The author of this pious book writes as follows: "And in regard the sabbath-breaker is the greatest criminal of this kind, his doom shall be this: one third part of his estate, whatever it is, should be forfeited, to get the poor people some clothes, that they may make their appearance at church. Then, as for himself, he should be forced to build a seat at his own charge, which should overlook the rest of the church, and there should he sit every Lord's day for a twelvemonth; [p118] and the reader should be sent home after him to inquire how much of the sermon he remembers; and whether he can repeat the doctrine, the method, and the subdivisions. If he gives not a good account, his confinement must continue. Farther, should the sabbath-breaker be ever so old, yet he should be obliged to say the catechism in the church, before a full congregation, once a month for one year. Were this prescription of punishment but well looked after, England, I am persuaded, would not expose herself to the wrath of Heaven every Lord's day as she does."

And I am also persuaded she would not; and the sooner we see these wise and pious regulations inforced, the more effectually shall we be able to strike at the root of these vices that infest us.

[p119] He proceeds to speak in the following manner, of fornicators, adulterers, and whoremasters. -- "I shall next shew the SHORTEST, being a new way to reform them. In order to punish the whole system of debauchery, I'll first begin with the kind keeper of quality, let him be Lord or Duke 'tis matter of indifference with me, and the method I'd take with him should at once discover and punish him. A proclamation should be published that every Miss that is kept by a Lord or Duke, upon making the discovery, should have three thousand pounds confiscated for her own use, out of her keeper's estate; three thousand pounds should also be confiscated, out of his estate, to the poor of the parish where he has his seat; and four thousand pounds more to carry on the war. Farther, the person thus discovered, should be obliged to publish [p120] an advertisement of his own shame, at his own charge, in the Gazette for a month together: and should any person of quality solicit any street-walker, or any other; upon good evidence of the fact, she should have one thousand pounds forfeited out of his estate, and he should be divested of all his titles, and thrown out of all capacity to serve in any office of trust or profit in the three kingdoms. -- Let us now descend to the common sort of mankind. The fornicator should be whipt, from guildhall to Charing Cross; a third part of his estate should go to carry on the war, a third part to the person that makes the discovery, and a third part to the poor of the parish, and himself sent over seas into her majesty's service.

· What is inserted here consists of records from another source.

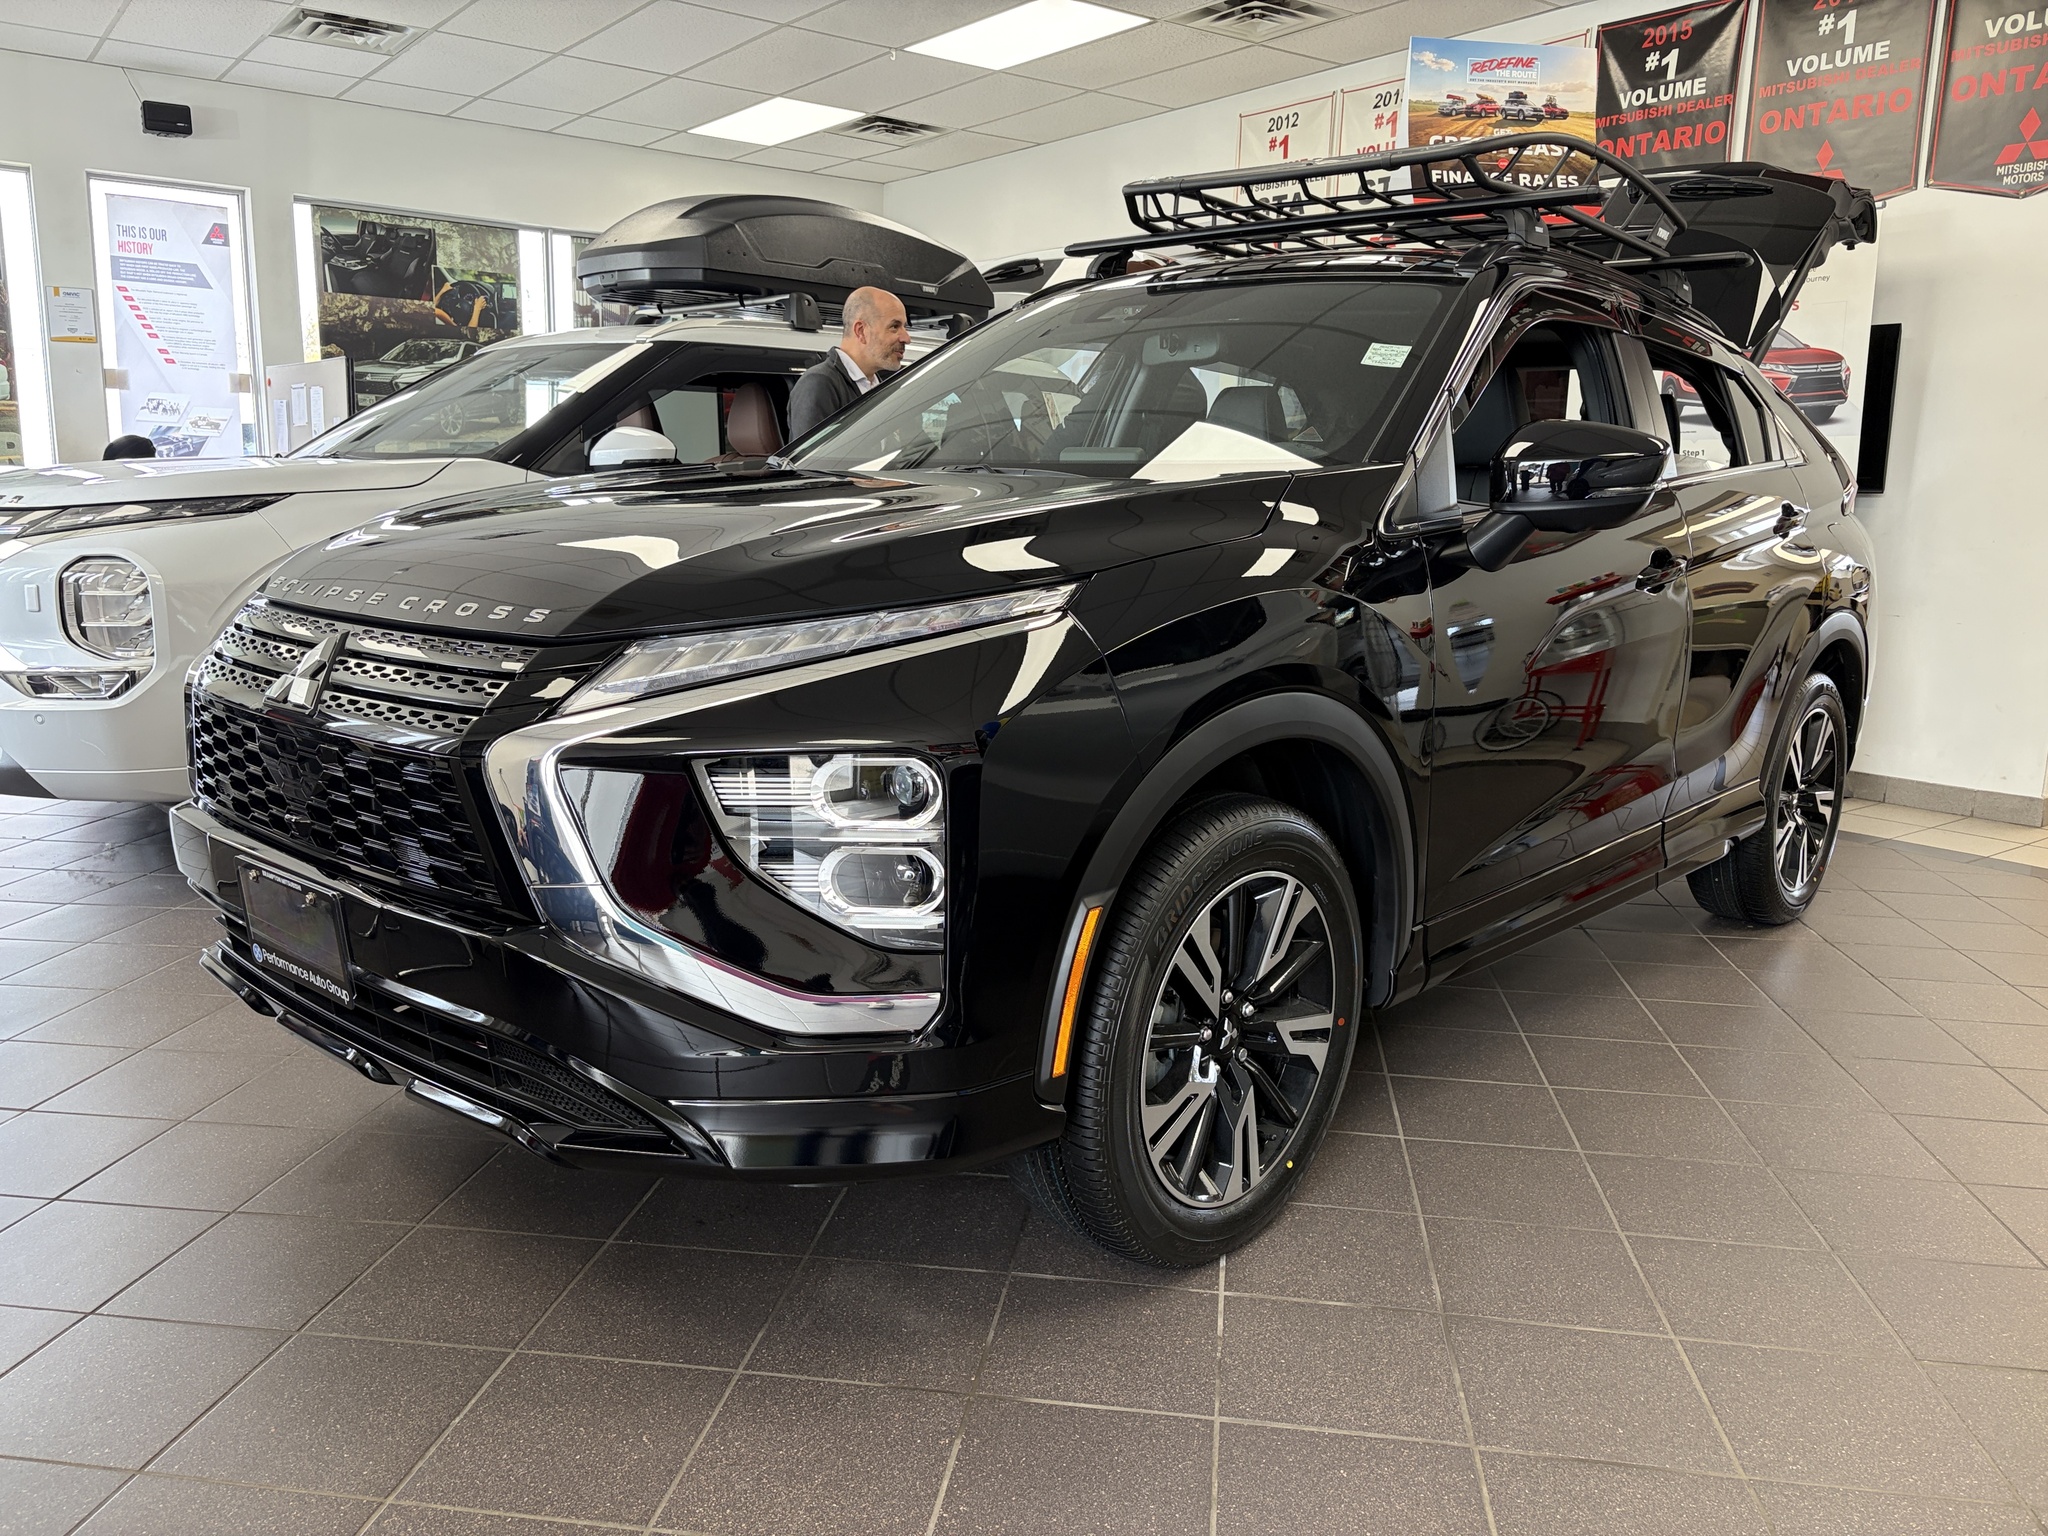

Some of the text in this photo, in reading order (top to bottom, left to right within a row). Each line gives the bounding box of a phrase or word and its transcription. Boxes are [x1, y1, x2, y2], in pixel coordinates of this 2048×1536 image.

[1642, 18, 1693, 49] 2015
[1818, 9, 1857, 45] #1
[1985, 8, 2048, 38] VOL
[1470, 57, 1538, 75] REDEFINE
[1645, 48, 1679, 80] #1
[1786, 40, 1891, 77] VOLUME
[1495, 70, 1537, 79] THE ROUTE
[1759, 57, 1922, 99] MITSUBISHI DEALER
[1373, 88, 1403, 109] 201
[1619, 77, 1707, 109] VOLUME
[1267, 112, 1300, 133] 2012
[1374, 110, 1398, 138] #1
[1595, 93, 1734, 129] MITSUBISHI DEALER
[1759, 87, 1913, 134] ONTARIO
[1268, 134, 1290, 159] #1
[1596, 120, 1726, 159] ONTARIO
[1240, 180, 1290, 195] MSUBISHI
[1431, 169, 1513, 184] FINACE
[1519, 173, 1579, 188] RATES
[2002, 171, 2045, 186] MOTORS
[116, 224, 168, 242] THIS IS OUR
[117, 240, 154, 255] HISTORY
[1805, 275, 1831, 283] ourney
[1682, 449, 1705, 458] Step 1
[269, 575, 552, 624] ECLIPSE CROSS
[1152, 827, 1264, 951] BRIDGESTONE
[262, 948, 350, 1005] Performance Auto Group

The adulterer should refund his wife's fortune, have the marriage nullified, his own personal estate should go to maintain [p121] poor men's sons at the university, and he himself should enter into her majesty's service. The gallant that is surprised with his Miss, should have his estate confiscated to maintain the hospitals, and himself sent to Bridewell to beat hemp two years, and afterwards go into the army."

Now, in all these points I differ but in a very small degree with this pious man's instructions. The poor being much better provided for in the present days, our universities also being in the highest state of affluence, and our hospitals supported on a most liberal and extensive plan, I think that the different sums of money which he wishes to be appropriated to those uses, should, with that part he already directs, be appropriated to carry on the war.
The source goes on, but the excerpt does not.